Some in carefree Seoul worry about waging futuristic wars in the here and now
By Donald Kirk, East-Asia-Intel.com
SEOUL — Star Wars is coming. Wait around long enough, and we’ll see missiles and interceptor projectiles knocking each other out in great blazes of flashing light hundreds of miles above from where we cower in fear of a deadly device sneaking its way through the flak and detonating on top of us, wiping out cities and societies.
Why does this era of Star Wars conflict seem to be inevitable? Look at THAAD, the Terminal High Altitude Area Defense the U.S. wants to set up in Korea.

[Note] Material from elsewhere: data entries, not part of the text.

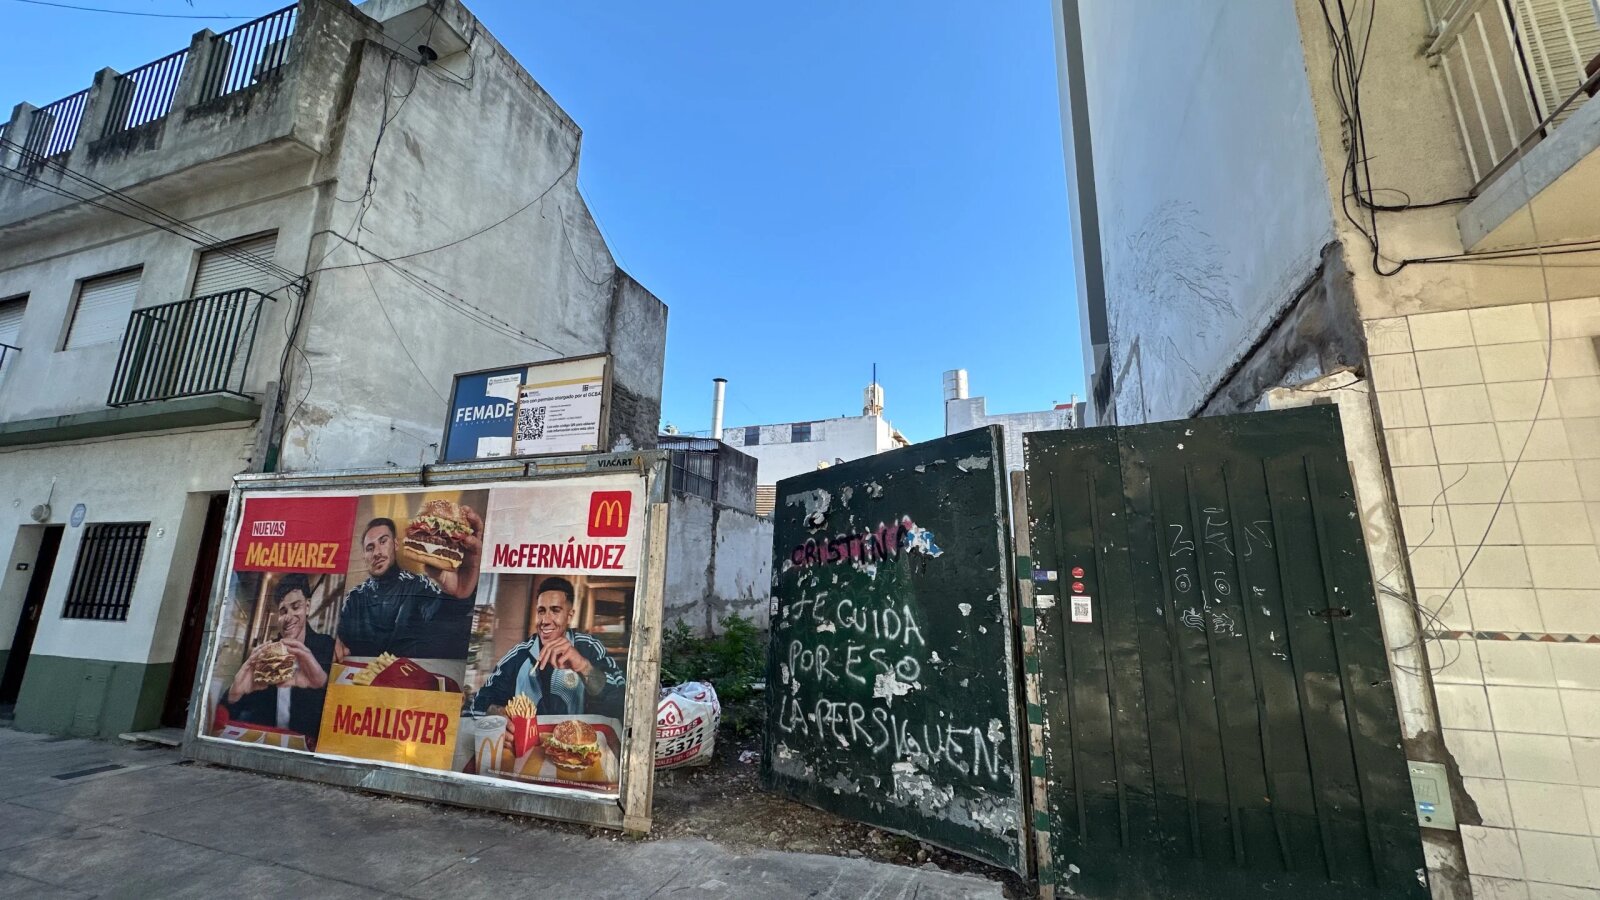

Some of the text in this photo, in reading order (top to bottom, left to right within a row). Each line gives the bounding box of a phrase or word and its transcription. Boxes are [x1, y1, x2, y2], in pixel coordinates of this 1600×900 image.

[456, 402, 515, 423] FEMADE
[597, 458, 633, 468] VIACART
[252, 522, 285, 536] NUEVAS
[244, 541, 340, 569] McALVAREZ
[492, 536, 626, 570] McFERNÁNDEZ
[789, 640, 920, 684] POR ESO
[332, 704, 449, 746] McALLISTER
[656, 720, 698, 738] ERIALES
[779, 695, 809, 736] LA
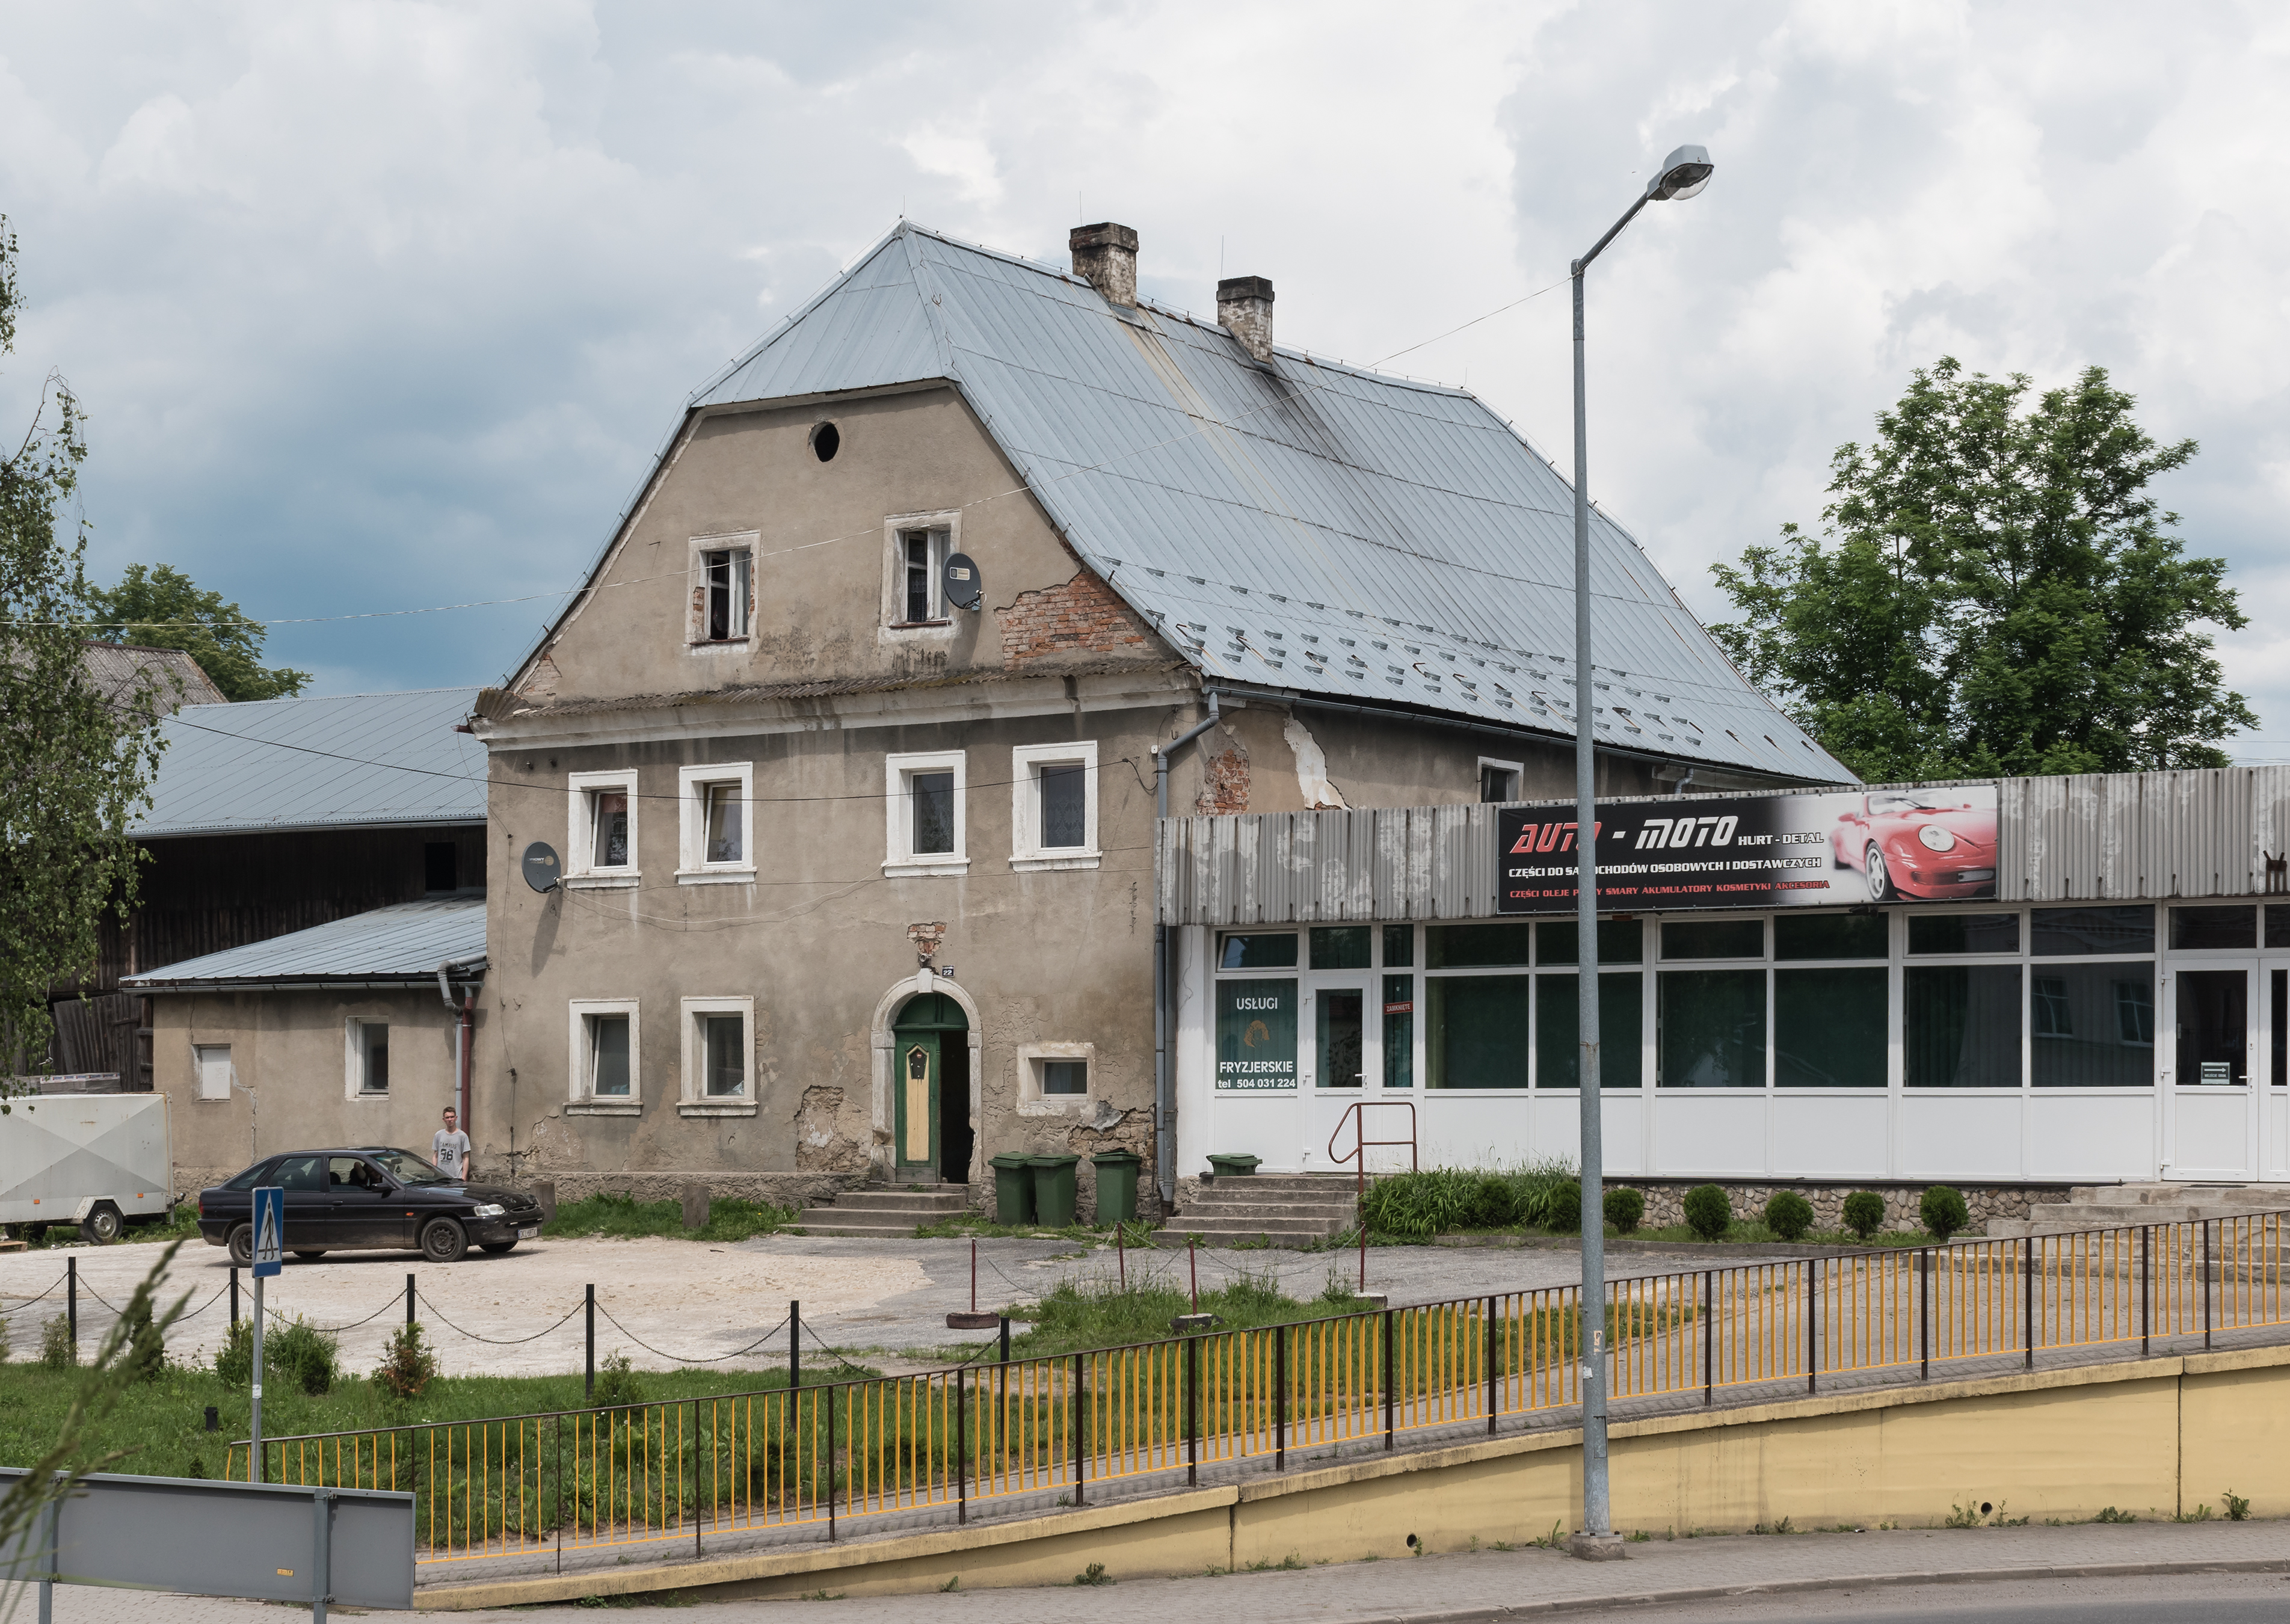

This counter-missile system is needed for the salvation of Northeast Asia, say the Americans, to spare us from missiles fired by North Korea.
We’re not talking about garden-variety short-range Scuds and Rodongs and stuff like that. Think about missiles hurtling 100 or so miles overhead, whizzing toward South Korea, Japan, maybe Hawaii, Alaska and the U.S. West Coast.
We’ve been hearing for a long time about the Taepodong, I and II, a long-range missile that put a satellite into orbit in December 2012, but Pentagon planners see much more sinister designs on the drawing boards of North Korean scientists and engineers. They say we’ve got to be ready for a whole new generation of missiles that are likely to transform the nature of modern warfare.
That forecast sort of brings us back to the days more than a millennium ago when assault troops fired great slingshots, aiming boulders and burning embers and boiling water at defenders shielded by castle walls.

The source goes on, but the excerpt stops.